** EXERCISE BRIEF **
Each line from the one containing "this 1280×1278 image." through the end of the data below is to be output verbatim, with no lines added or left out.

INPUT RECORDS Start Marker

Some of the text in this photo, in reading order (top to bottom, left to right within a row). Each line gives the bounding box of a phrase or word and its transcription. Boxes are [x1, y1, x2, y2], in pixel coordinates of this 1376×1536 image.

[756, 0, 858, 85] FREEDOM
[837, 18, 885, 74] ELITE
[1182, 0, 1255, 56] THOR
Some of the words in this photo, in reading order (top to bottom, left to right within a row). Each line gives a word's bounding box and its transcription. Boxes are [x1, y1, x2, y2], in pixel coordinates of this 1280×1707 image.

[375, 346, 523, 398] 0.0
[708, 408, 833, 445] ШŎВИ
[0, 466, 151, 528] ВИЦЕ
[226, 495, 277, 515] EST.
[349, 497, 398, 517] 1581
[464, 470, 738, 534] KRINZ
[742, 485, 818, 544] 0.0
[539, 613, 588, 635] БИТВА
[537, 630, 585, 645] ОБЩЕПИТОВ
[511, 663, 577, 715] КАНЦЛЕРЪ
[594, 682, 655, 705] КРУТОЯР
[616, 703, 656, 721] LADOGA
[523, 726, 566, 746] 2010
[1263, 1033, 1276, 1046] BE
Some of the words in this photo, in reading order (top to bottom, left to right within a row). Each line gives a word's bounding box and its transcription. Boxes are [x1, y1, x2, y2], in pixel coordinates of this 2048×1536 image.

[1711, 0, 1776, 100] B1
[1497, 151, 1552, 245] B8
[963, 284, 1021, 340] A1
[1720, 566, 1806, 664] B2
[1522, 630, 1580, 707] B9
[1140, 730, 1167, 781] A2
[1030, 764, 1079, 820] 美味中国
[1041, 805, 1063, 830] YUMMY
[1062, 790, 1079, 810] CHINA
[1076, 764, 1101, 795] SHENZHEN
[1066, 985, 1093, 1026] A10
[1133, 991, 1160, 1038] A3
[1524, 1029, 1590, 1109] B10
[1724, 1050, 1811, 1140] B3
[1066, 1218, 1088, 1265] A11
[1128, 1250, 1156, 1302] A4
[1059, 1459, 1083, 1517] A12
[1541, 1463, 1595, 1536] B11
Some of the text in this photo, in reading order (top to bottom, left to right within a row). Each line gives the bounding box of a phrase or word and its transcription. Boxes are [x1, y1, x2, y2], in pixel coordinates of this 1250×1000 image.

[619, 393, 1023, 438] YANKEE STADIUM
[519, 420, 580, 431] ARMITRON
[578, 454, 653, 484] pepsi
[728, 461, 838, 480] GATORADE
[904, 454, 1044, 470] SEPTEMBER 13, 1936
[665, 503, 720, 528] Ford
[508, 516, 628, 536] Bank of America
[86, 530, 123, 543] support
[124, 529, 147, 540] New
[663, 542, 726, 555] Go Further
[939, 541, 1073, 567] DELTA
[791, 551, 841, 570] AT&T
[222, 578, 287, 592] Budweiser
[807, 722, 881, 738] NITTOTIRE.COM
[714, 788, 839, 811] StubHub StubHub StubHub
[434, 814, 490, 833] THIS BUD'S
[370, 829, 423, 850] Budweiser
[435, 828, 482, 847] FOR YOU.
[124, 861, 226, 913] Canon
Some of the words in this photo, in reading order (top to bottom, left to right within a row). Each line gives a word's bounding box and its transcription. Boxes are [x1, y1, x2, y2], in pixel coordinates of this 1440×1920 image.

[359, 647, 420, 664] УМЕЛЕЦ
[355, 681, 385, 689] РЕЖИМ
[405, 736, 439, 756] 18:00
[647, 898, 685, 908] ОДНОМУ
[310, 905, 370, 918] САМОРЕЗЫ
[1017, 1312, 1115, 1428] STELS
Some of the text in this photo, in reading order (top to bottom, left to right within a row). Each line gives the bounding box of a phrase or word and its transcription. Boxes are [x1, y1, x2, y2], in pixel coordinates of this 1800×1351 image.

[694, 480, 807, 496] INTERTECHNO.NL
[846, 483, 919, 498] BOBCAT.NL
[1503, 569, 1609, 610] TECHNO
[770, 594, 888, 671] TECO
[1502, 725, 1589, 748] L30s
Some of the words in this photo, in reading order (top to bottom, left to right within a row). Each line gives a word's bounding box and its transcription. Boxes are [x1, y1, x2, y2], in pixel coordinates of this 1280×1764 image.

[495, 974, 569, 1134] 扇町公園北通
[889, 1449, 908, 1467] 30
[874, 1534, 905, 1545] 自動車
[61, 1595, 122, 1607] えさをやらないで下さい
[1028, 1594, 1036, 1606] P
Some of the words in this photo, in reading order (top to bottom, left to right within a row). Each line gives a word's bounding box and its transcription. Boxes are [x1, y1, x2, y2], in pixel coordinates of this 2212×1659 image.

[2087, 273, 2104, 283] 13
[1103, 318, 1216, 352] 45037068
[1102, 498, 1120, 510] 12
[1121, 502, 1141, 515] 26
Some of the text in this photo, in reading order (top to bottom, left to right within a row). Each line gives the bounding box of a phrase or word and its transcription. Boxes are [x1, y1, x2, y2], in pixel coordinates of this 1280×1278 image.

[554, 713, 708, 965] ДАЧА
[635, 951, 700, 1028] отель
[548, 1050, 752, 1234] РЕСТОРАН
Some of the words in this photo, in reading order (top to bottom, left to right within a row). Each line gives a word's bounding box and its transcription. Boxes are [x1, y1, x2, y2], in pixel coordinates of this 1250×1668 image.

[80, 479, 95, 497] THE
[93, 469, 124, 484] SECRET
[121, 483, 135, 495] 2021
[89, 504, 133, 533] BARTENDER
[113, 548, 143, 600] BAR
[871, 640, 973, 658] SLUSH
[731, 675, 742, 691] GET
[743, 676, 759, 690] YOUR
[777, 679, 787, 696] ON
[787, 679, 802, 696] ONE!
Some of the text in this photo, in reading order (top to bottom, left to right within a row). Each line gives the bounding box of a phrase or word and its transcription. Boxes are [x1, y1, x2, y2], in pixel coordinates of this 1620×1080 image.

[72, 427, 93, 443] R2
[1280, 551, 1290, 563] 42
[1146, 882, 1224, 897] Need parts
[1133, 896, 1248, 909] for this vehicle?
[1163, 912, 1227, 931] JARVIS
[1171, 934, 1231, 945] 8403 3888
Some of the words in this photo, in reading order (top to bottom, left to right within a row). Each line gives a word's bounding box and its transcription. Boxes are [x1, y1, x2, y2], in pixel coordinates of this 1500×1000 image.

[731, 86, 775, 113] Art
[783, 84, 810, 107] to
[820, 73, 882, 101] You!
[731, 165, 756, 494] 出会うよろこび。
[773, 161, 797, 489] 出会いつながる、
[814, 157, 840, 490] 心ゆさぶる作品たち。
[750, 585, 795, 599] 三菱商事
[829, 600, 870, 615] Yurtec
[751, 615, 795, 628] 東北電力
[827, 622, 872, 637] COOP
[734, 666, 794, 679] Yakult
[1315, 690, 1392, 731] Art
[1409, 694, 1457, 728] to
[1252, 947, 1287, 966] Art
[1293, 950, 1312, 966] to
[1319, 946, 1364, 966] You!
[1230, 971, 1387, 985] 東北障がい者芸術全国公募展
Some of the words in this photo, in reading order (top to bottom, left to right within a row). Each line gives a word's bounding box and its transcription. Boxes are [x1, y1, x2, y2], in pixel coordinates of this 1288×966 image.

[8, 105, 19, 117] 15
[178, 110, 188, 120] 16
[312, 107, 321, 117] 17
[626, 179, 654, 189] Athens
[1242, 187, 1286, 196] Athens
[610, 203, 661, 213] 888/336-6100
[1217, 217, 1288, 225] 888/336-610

INPUT RECORDS End Marker

** RESPONSE TO THE TASK **
Some of the text in this photo, in reading order (top to bottom, left to right within a row). Each line gives the bounding box of a phrase or word and its transcription. Boxes are [x1, y1, x2, y2], in pixel coordinates of this 1280×1278 image.

[554, 713, 708, 965] ДАЧА
[635, 951, 700, 1028] отель
[548, 1050, 752, 1234] РЕСТОРАН
Some of the words in this photo, in reading order (top to bottom, left to right within a row). Each line gives a word's bounding box and its transcription. Boxes are [x1, y1, x2, y2], in pixel coordinates of this 1250×1668 image.

[80, 479, 95, 497] THE
[93, 469, 124, 484] SECRET
[121, 483, 135, 495] 2021
[89, 504, 133, 533] BARTENDER
[113, 548, 143, 600] BAR
[871, 640, 973, 658] SLUSH
[731, 675, 742, 691] GET
[743, 676, 759, 690] YOUR
[777, 679, 787, 696] ON
[787, 679, 802, 696] ONE!
Some of the text in this photo, in reading order (top to bottom, left to right within a row). Each line gives the bounding box of a phrase or word and its transcription. Boxes are [x1, y1, x2, y2], in pixel coordinates of this 1620×1080 image.

[72, 427, 93, 443] R2
[1280, 551, 1290, 563] 42
[1146, 882, 1224, 897] Need parts
[1133, 896, 1248, 909] for this vehicle?
[1163, 912, 1227, 931] JARVIS
[1171, 934, 1231, 945] 8403 3888
Some of the words in this photo, in reading order (top to bottom, left to right within a row). Each line gives a word's bounding box and its transcription. Boxes are [x1, y1, x2, y2], in pixel coordinates of this 1500×1000 image.

[731, 86, 775, 113] Art
[783, 84, 810, 107] to
[820, 73, 882, 101] You!
[731, 165, 756, 494] 出会うよろこび。
[773, 161, 797, 489] 出会いつながる、
[814, 157, 840, 490] 心ゆさぶる作品たち。
[750, 585, 795, 599] 三菱商事
[829, 600, 870, 615] Yurtec
[751, 615, 795, 628] 東北電力
[827, 622, 872, 637] COOP
[734, 666, 794, 679] Yakult
[1315, 690, 1392, 731] Art
[1409, 694, 1457, 728] to
[1252, 947, 1287, 966] Art
[1293, 950, 1312, 966] to
[1319, 946, 1364, 966] You!
[1230, 971, 1387, 985] 東北障がい者芸術全国公募展
Some of the words in this photo, in reading order (top to bottom, left to right within a row). Each line gives a word's bounding box and its transcription. Boxes are [x1, y1, x2, y2], in pixel coordinates of this 1288×966 image.

[8, 105, 19, 117] 15
[178, 110, 188, 120] 16
[312, 107, 321, 117] 17
[626, 179, 654, 189] Athens
[1242, 187, 1286, 196] Athens
[610, 203, 661, 213] 888/336-6100
[1217, 217, 1288, 225] 888/336-610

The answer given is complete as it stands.